Tim Read on the government's coronavirus response

From Brunswiki

Interview of Tim Read MP with Brunswick News

30 July 2020

John Ferguson in the Australian puts the blame for Victoria's coronavirus ordeal directly onto Daniel Andrews and his ministers.

Tim Read MP is a doctor with experience in infectious diseases, and is the Greens member of the Victorian parliament for Brunswick.

Who better than Tim Read to respond to Mr Ferguson's charges?

For a short answer, Tim's judgement is that the Ferguson piece is anti-Labor propaganda, in tone and in substance. It is "tribal", and that is no help just now. Indeed, I don't recall any substantial arguments from the article that I can put to Tim, it being more of a straight-out opinion piece than an investigation.

Tim says that the coronavirus epidemic is a new type of problem and the only thing that could be guaranteed in advance is that mistakes would be made. When a mistake is made, it is hard to know where the decision came from - CHO, health minister or premier.

Over all, Tim says the state government seems to have done a reasonable job. He is not on the inside, and when mistakes occur, eg Cedar Meats, hotel quarantine, he is not the one to know who did what when. He urges (more) transparency, saying the state government can well afford it, having vast reserves of political capital. Tim expects the public to be charitable when things do not go smoothly as long as there is transparency from the government.

Here we have one point of difference with John Ferguson, on which time will tell, who says the public is on the point of turning on Andrews.

Tim says the government has been reasonably up-front and good at answering questions.

Previously he wrote that the government should not be making decisions behind closed doors. How has that turned out? Tim gives a "mixed review". He had hoped for a multiparty committee to keep up with what the government was doing. What they got was that this job was given to the existing PAEC committee, controlled by the government. It is useful, and unexpected questions are sometimes asked, which if they cannot be answered on the spot are answered within a certain time limit. As with any poltical forum, you might get point-scoring smoking gun questions, like who knew what when about Cedar Meats from Liberal members, and the ministers often give long-winded answers to consume the time available and prevent further questions being asked.

Cedar Meats was a case where the system could have done better.

MPs ask about our capacity and medical resources. How many ICU beds do we have? Is there enough PPE? Do we need to set up negative pressure in corona virus wards (preventing any airborne virus particles from escaping)?
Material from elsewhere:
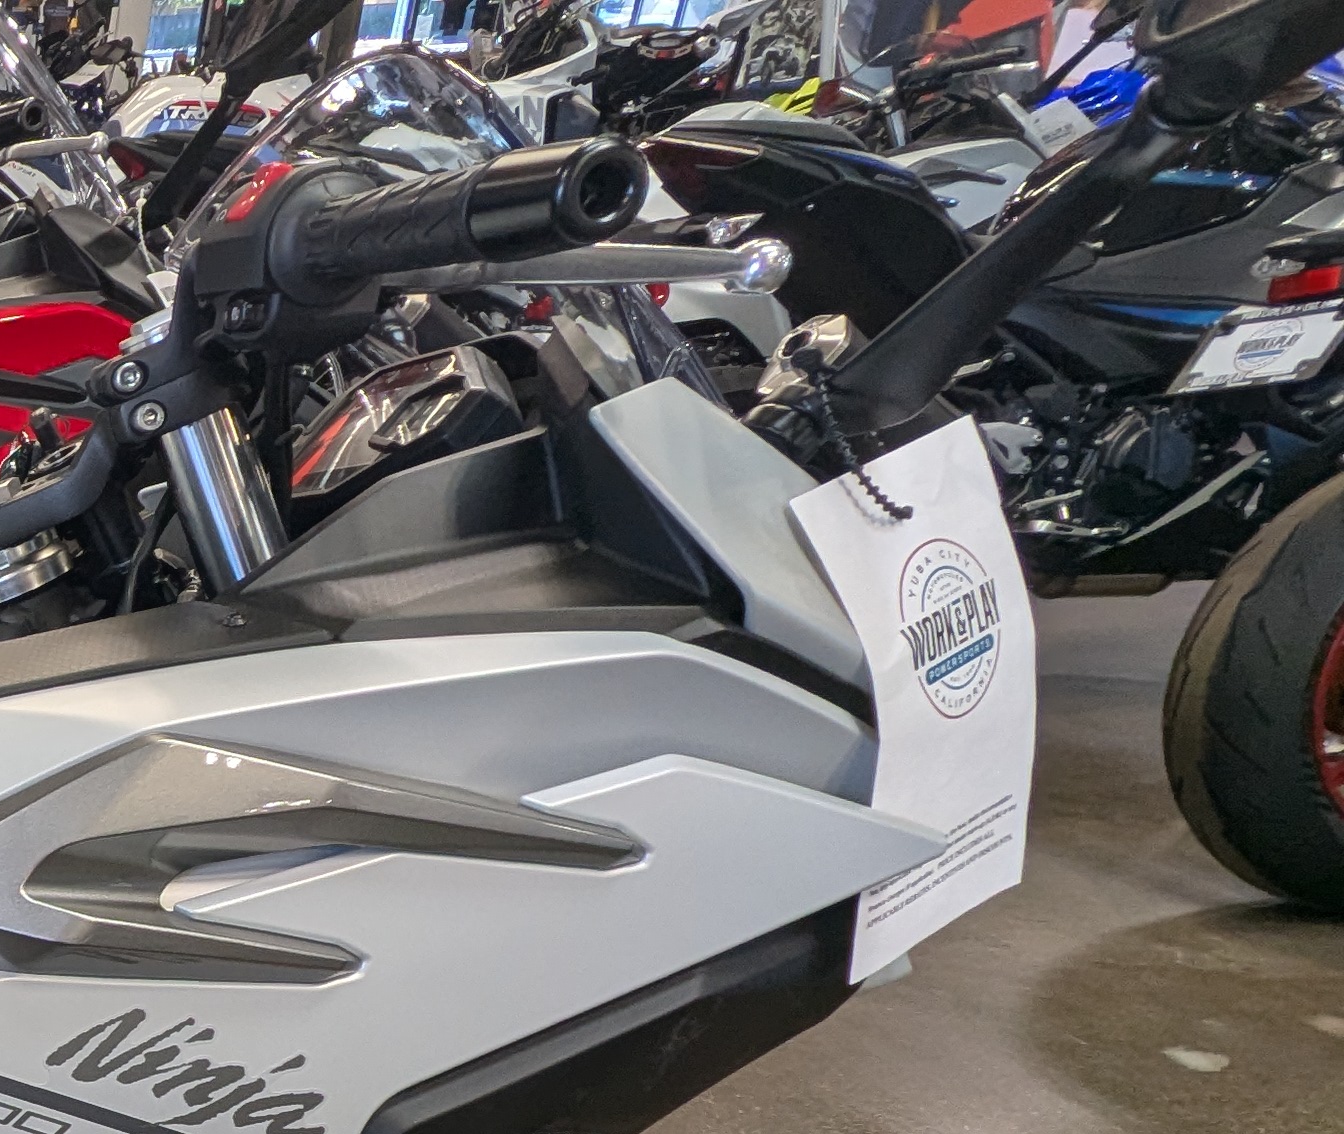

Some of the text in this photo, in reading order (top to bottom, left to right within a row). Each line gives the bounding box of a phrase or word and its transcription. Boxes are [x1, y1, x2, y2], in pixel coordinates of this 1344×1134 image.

[908, 555, 933, 599] YUBA
[928, 638, 993, 681] POWERSPORTS
[934, 658, 993, 709] CALIFORNIA
I take it from Tim that, though he is not complaining unduly, the government could afford to be a little more transparent both with the public and with opposition and cross-bench parliamentarians. He notes that the quality of briefings to crossbench MPs has dropped off in recent times. Lately the briefings have tended to given rather by ministerial staff than by decision-makers though he acknowledges that there are great demands on their time.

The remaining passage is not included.